Problem details |
Pictures stay out; everything else in the records below gets copied exactly.

Record set |
──────────

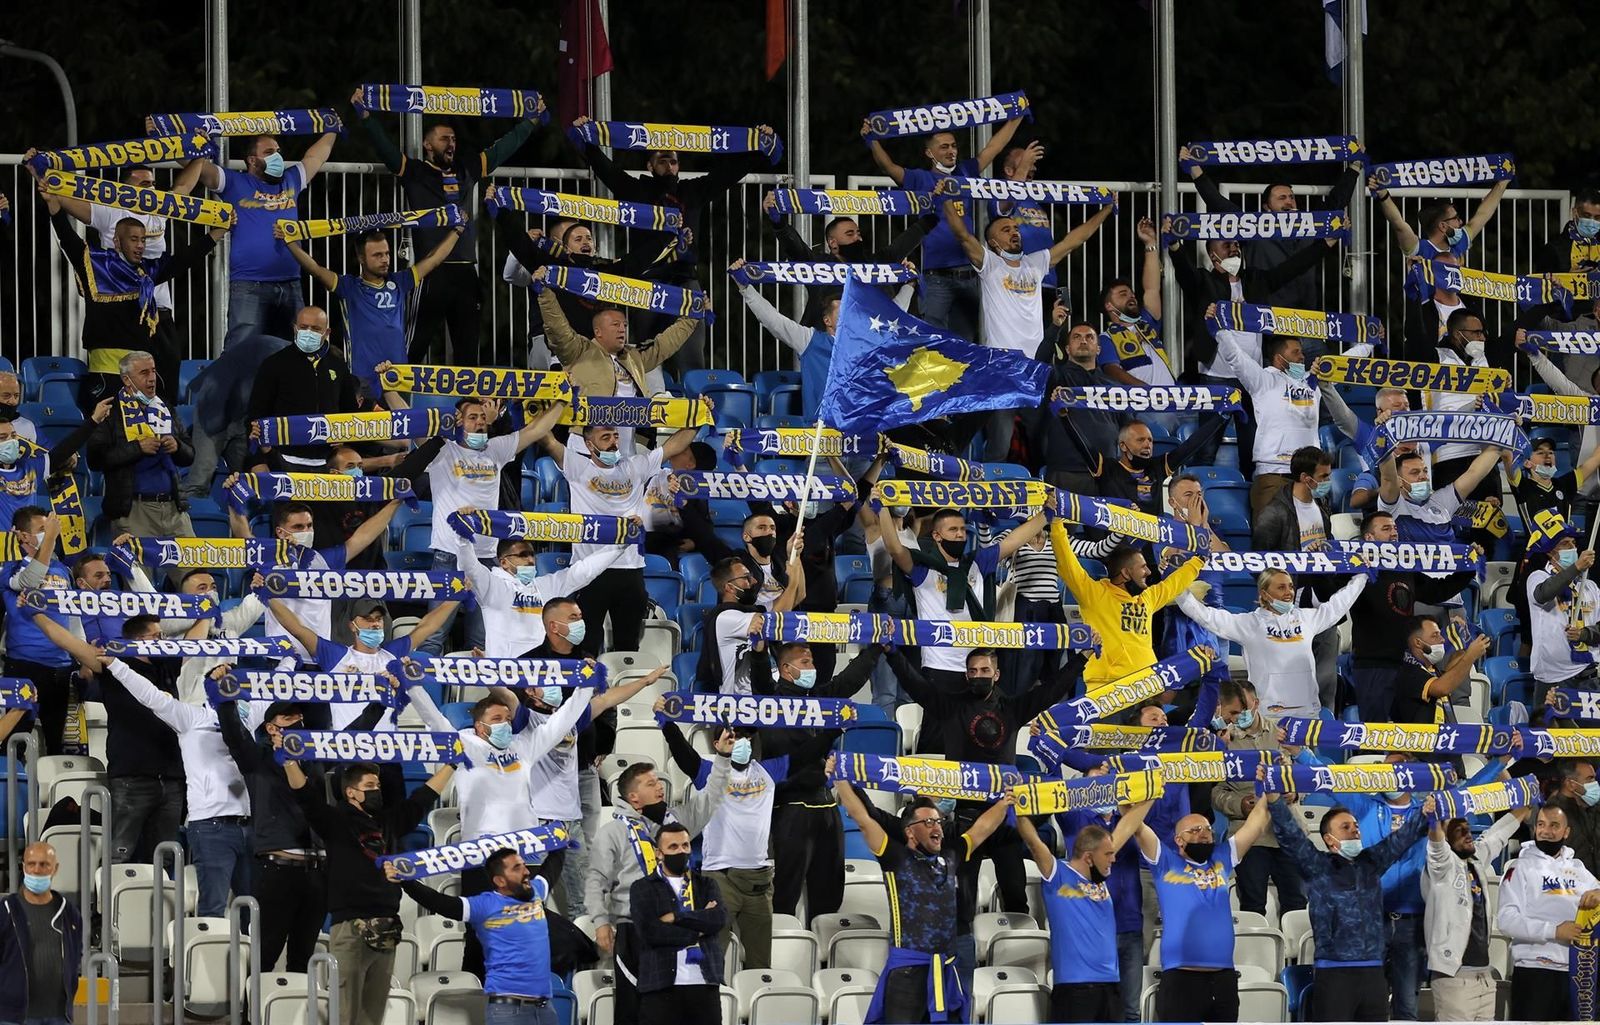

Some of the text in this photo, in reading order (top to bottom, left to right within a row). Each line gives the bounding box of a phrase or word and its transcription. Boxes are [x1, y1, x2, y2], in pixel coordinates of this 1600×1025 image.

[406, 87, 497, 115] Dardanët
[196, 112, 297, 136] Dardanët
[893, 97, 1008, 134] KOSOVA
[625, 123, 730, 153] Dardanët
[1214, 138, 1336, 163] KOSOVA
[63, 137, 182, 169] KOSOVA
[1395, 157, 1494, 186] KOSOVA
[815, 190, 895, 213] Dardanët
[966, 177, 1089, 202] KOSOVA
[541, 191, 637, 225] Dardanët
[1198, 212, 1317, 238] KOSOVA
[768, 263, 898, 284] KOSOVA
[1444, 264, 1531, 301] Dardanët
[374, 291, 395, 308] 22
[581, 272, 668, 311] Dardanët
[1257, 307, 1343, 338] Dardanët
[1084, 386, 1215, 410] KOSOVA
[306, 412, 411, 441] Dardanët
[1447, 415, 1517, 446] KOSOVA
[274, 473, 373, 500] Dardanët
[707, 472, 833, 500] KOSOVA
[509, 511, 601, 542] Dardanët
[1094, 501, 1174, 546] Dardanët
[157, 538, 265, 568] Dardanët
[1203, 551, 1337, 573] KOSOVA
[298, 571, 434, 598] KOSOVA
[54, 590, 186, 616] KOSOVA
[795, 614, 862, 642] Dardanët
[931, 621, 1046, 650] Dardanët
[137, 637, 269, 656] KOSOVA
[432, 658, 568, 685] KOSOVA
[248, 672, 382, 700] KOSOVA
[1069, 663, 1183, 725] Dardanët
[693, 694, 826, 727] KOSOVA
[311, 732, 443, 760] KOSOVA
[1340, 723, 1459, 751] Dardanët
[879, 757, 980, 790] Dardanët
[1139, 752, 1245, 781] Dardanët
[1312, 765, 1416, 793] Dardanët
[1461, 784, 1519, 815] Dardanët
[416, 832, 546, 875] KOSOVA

──────────

Response to the task |
Some of the text in this photo, in reading order (top to bottom, left to right within a row). Each line gives the bounding box of a phrase or word and its transcription. Boxes are [x1, y1, x2, y2], in pixel coordinates of this 1600×1025 image.

[406, 87, 497, 115] Dardanët
[196, 112, 297, 136] Dardanët
[893, 97, 1008, 134] KOSOVA
[625, 123, 730, 153] Dardanët
[1214, 138, 1336, 163] KOSOVA
[63, 137, 182, 169] KOSOVA
[1395, 157, 1494, 186] KOSOVA
[815, 190, 895, 213] Dardanët
[966, 177, 1089, 202] KOSOVA
[541, 191, 637, 225] Dardanët
[1198, 212, 1317, 238] KOSOVA
[768, 263, 898, 284] KOSOVA
[1444, 264, 1531, 301] Dardanët
[374, 291, 395, 308] 22
[581, 272, 668, 311] Dardanët
[1257, 307, 1343, 338] Dardanët
[1084, 386, 1215, 410] KOSOVA
[306, 412, 411, 441] Dardanët
[1447, 415, 1517, 446] KOSOVA
[274, 473, 373, 500] Dardanët
[707, 472, 833, 500] KOSOVA
[509, 511, 601, 542] Dardanët
[1094, 501, 1174, 546] Dardanët
[157, 538, 265, 568] Dardanët
[1203, 551, 1337, 573] KOSOVA
[298, 571, 434, 598] KOSOVA
[54, 590, 186, 616] KOSOVA
[795, 614, 862, 642] Dardanët
[931, 621, 1046, 650] Dardanët
[137, 637, 269, 656] KOSOVA
[432, 658, 568, 685] KOSOVA
[248, 672, 382, 700] KOSOVA
[1069, 663, 1183, 725] Dardanët
[693, 694, 826, 727] KOSOVA
[311, 732, 443, 760] KOSOVA
[1340, 723, 1459, 751] Dardanët
[879, 757, 980, 790] Dardanët
[1139, 752, 1245, 781] Dardanët
[1312, 765, 1416, 793] Dardanët
[1461, 784, 1519, 815] Dardanët
[416, 832, 546, 875] KOSOVA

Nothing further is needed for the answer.